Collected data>
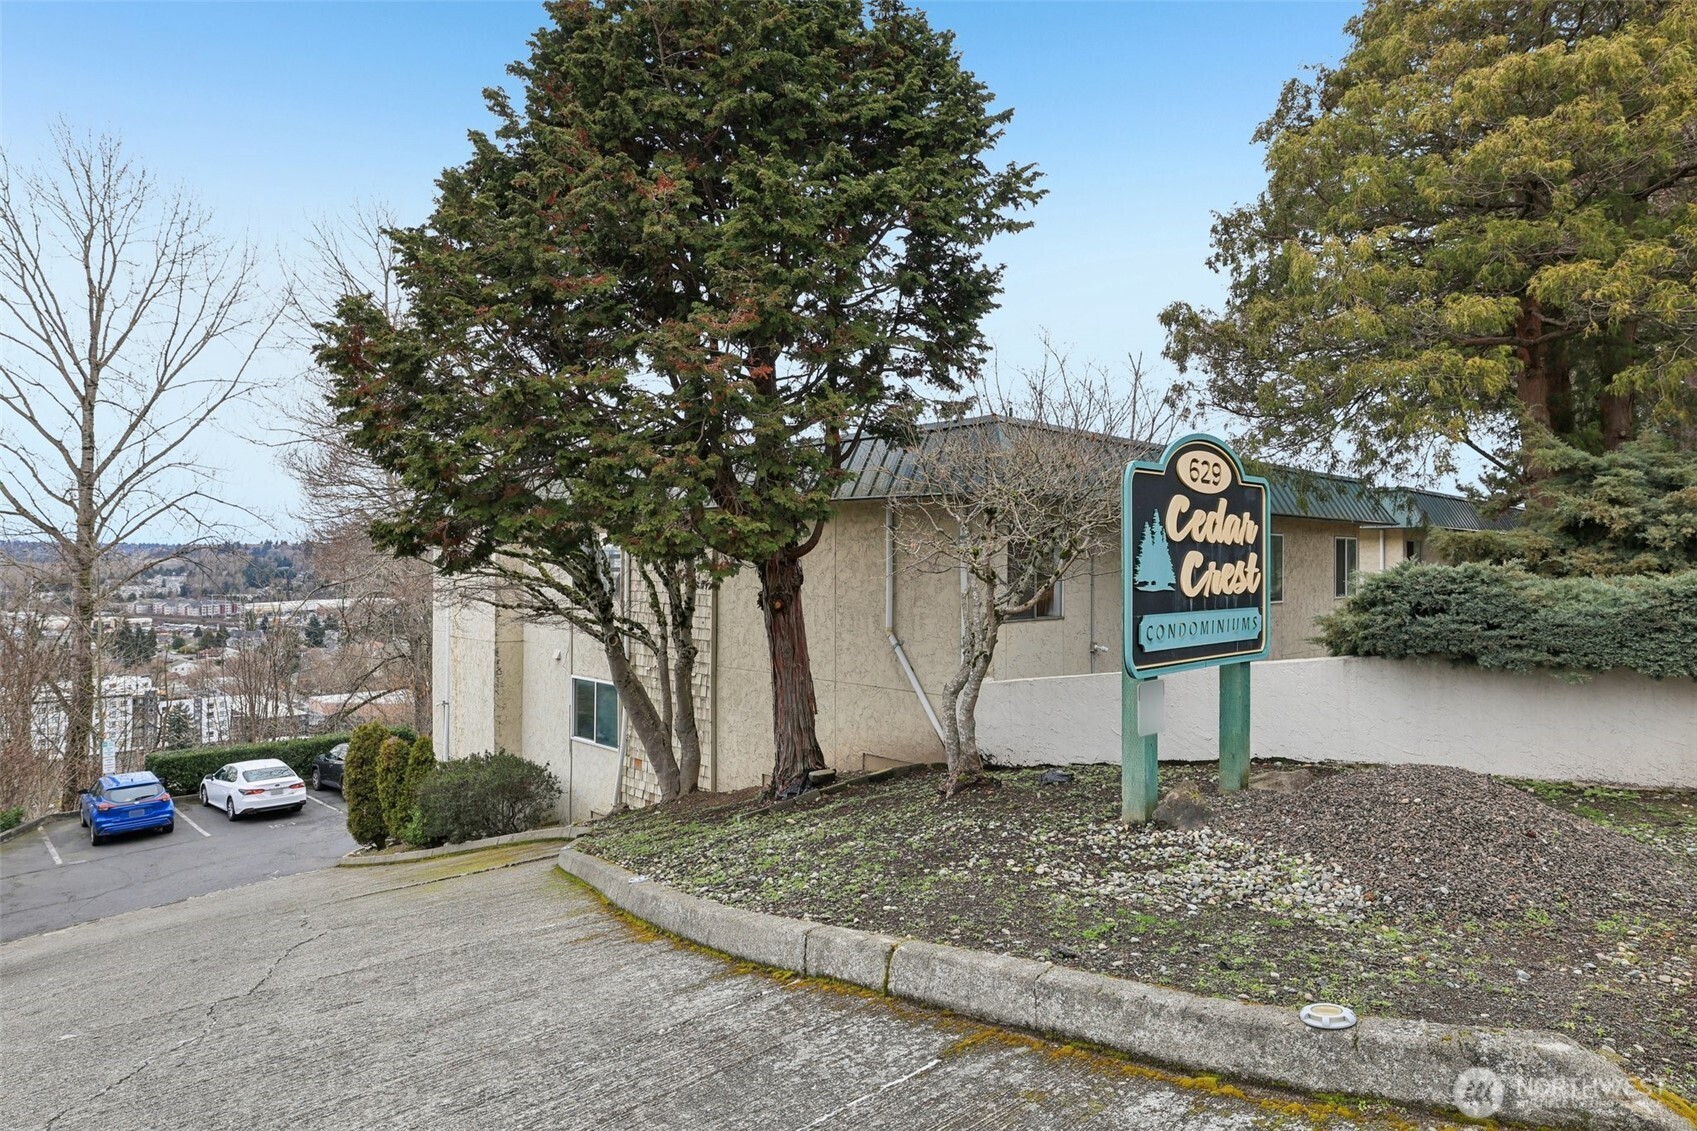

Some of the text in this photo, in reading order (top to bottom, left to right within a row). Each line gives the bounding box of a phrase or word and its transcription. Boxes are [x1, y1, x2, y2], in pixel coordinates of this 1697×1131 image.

[1189, 458, 1223, 487] 629
[1165, 494, 1259, 546] Cedar
[1180, 550, 1261, 598] Crest
[1145, 616, 1259, 642] CONDOMINIUMS
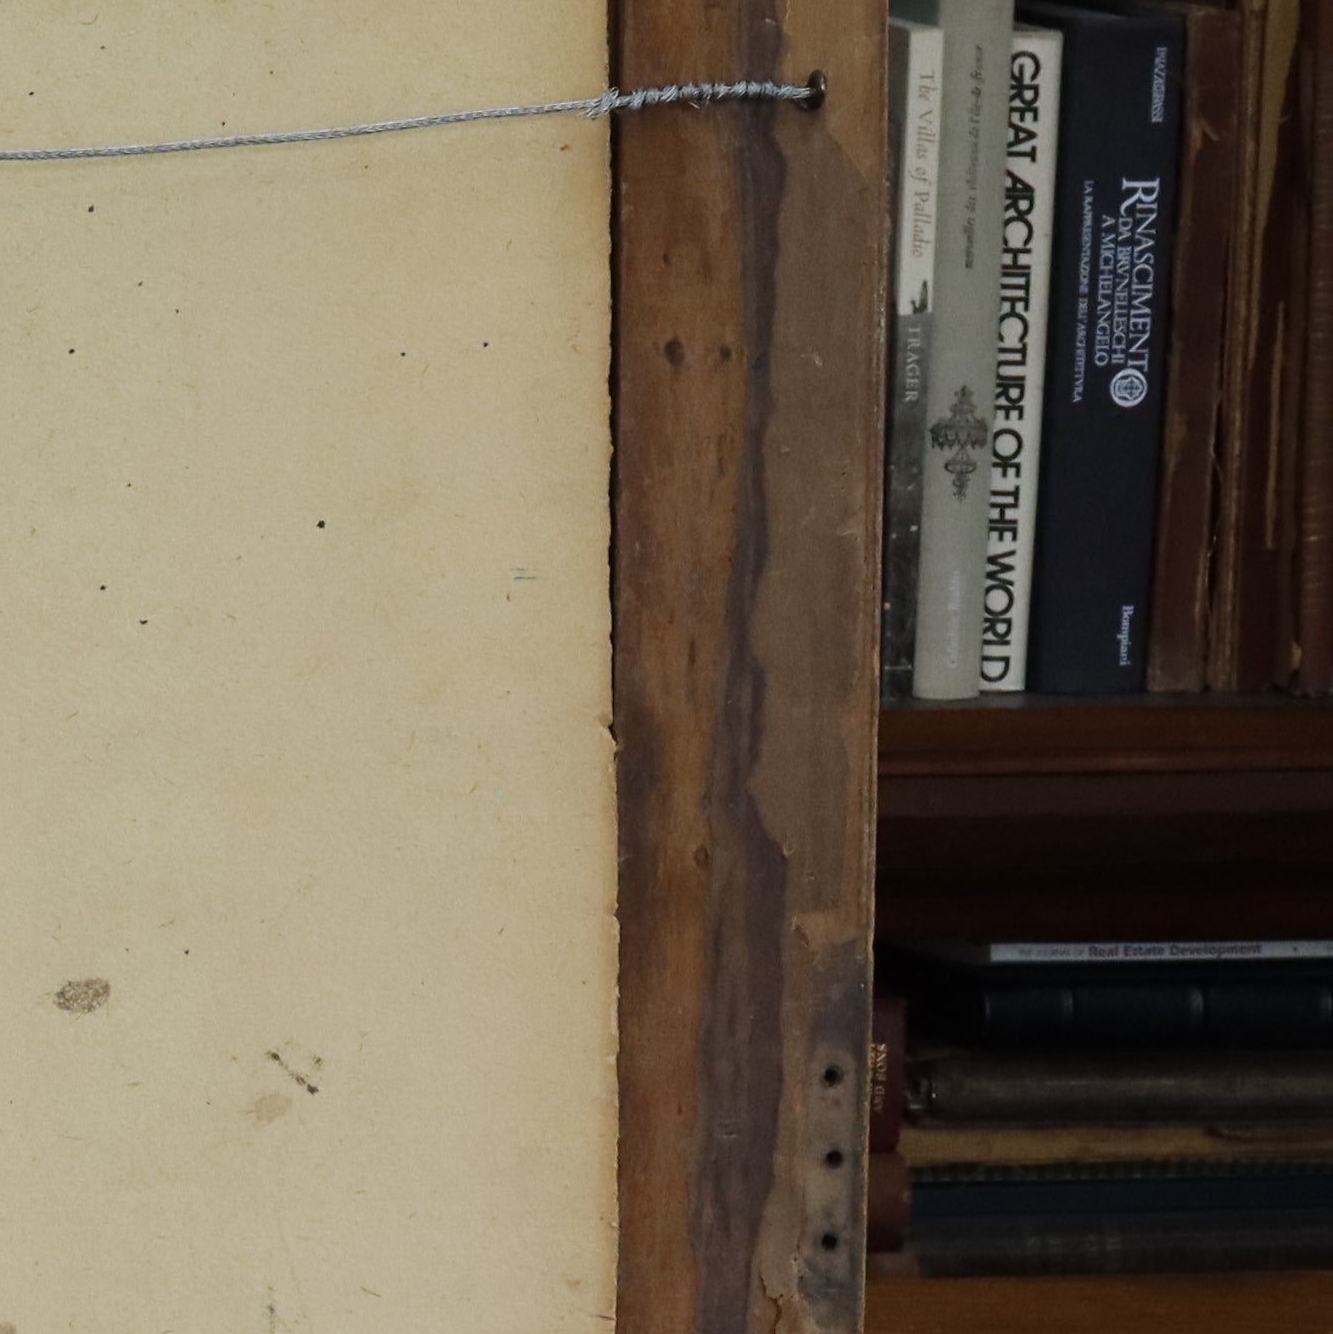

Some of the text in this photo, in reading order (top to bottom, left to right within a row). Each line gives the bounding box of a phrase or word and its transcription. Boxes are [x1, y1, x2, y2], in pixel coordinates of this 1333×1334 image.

[909, 70, 936, 260] The Villas of Palladio
[1083, 179, 1094, 194] LA
[1093, 215, 1115, 367] A MICHELANGELO
[1110, 217, 1132, 365] DA BRVNELLESCHI
[903, 326, 921, 404] TRAGER
[980, 52, 1042, 683] GREAT ARCHITECTURE OF THE WORLD
[1117, 605, 1135, 666] Bompiani
[1089, 945, 1119, 958] Real
[1123, 944, 1165, 957] Estate
[1169, 943, 1264, 958] Development
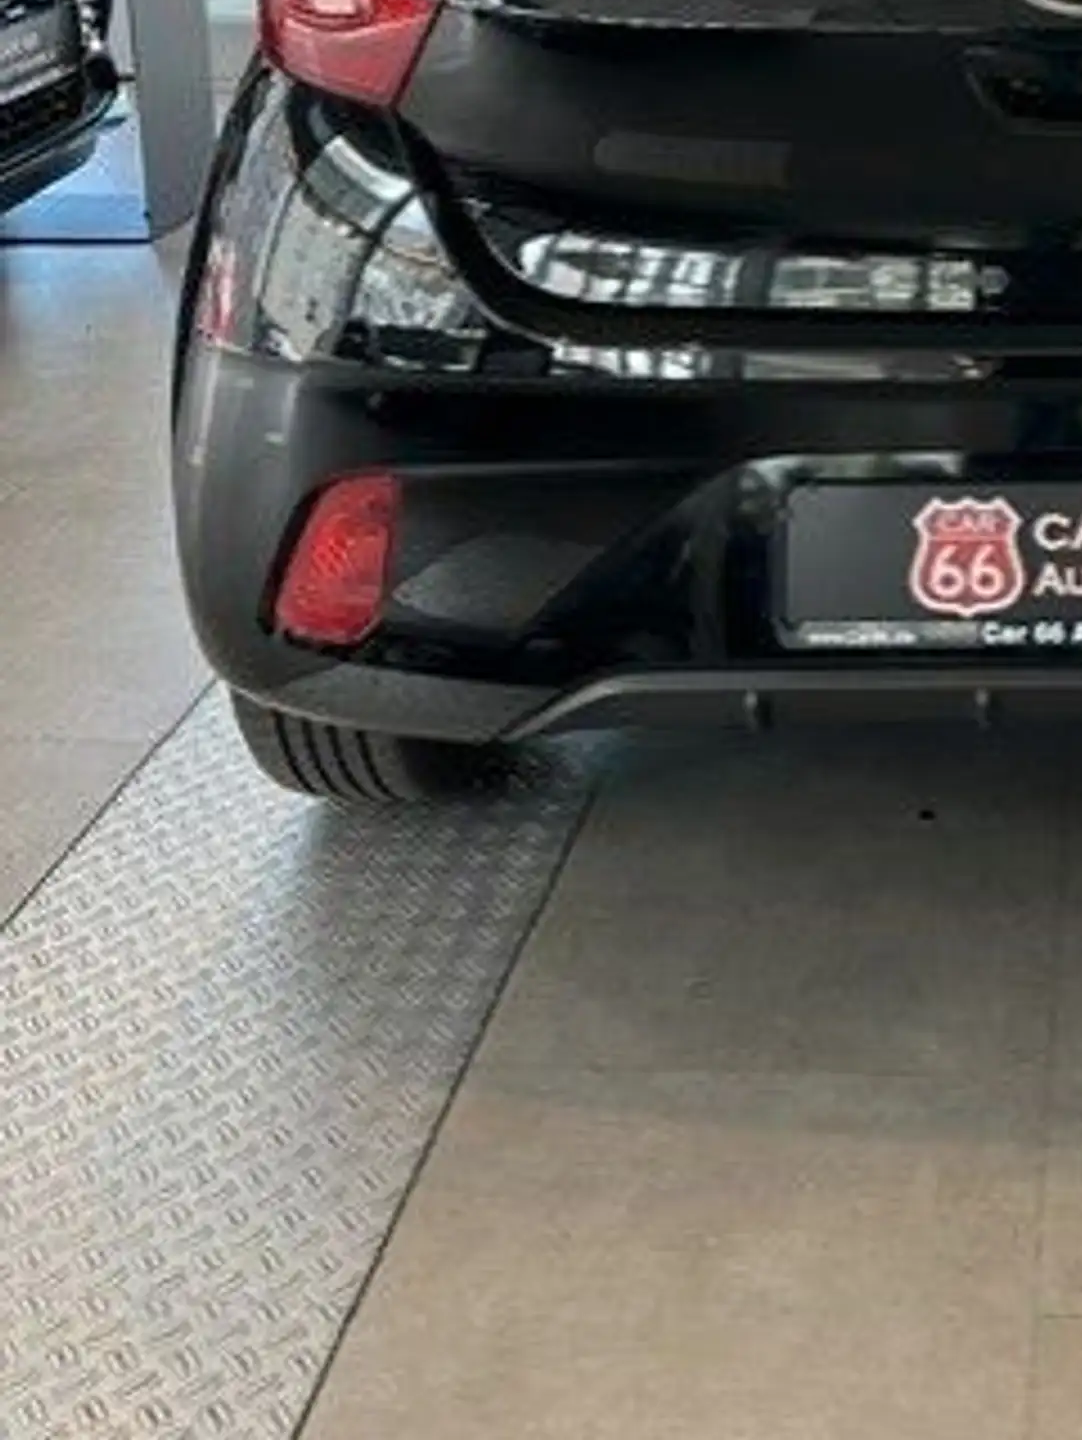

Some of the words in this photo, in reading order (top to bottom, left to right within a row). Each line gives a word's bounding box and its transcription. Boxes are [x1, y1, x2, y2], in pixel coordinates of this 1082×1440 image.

[929, 543, 1006, 599] 66
[981, 620, 1028, 645] Car
[1032, 621, 1065, 644] 66

What is being asked> Give back word for word the lines from the one containing "this 1333×1334 image." through the final line of the data above. Pictures are to be left out.

Task response>
Some of the text in this photo, in reading order (top to bottom, left to right within a row). Each line gives the bounding box of a phrase or word and its transcription. Boxes are [x1, y1, x2, y2], in pixel coordinates of this 1333×1334 image.

[909, 70, 936, 260] The Villas of Palladio
[1083, 179, 1094, 194] LA
[1093, 215, 1115, 367] A MICHELANGELO
[1110, 217, 1132, 365] DA BRVNELLESCHI
[903, 326, 921, 404] TRAGER
[980, 52, 1042, 683] GREAT ARCHITECTURE OF THE WORLD
[1117, 605, 1135, 666] Bompiani
[1089, 945, 1119, 958] Real
[1123, 944, 1165, 957] Estate
[1169, 943, 1264, 958] Development

Some of the words in this photo, in reading order (top to bottom, left to right within a row). Each line gives a word's bounding box and its transcription. Boxes are [x1, y1, x2, y2], in pixel coordinates of this 1082×1440 image.

[929, 543, 1006, 599] 66
[981, 620, 1028, 645] Car
[1032, 621, 1065, 644] 66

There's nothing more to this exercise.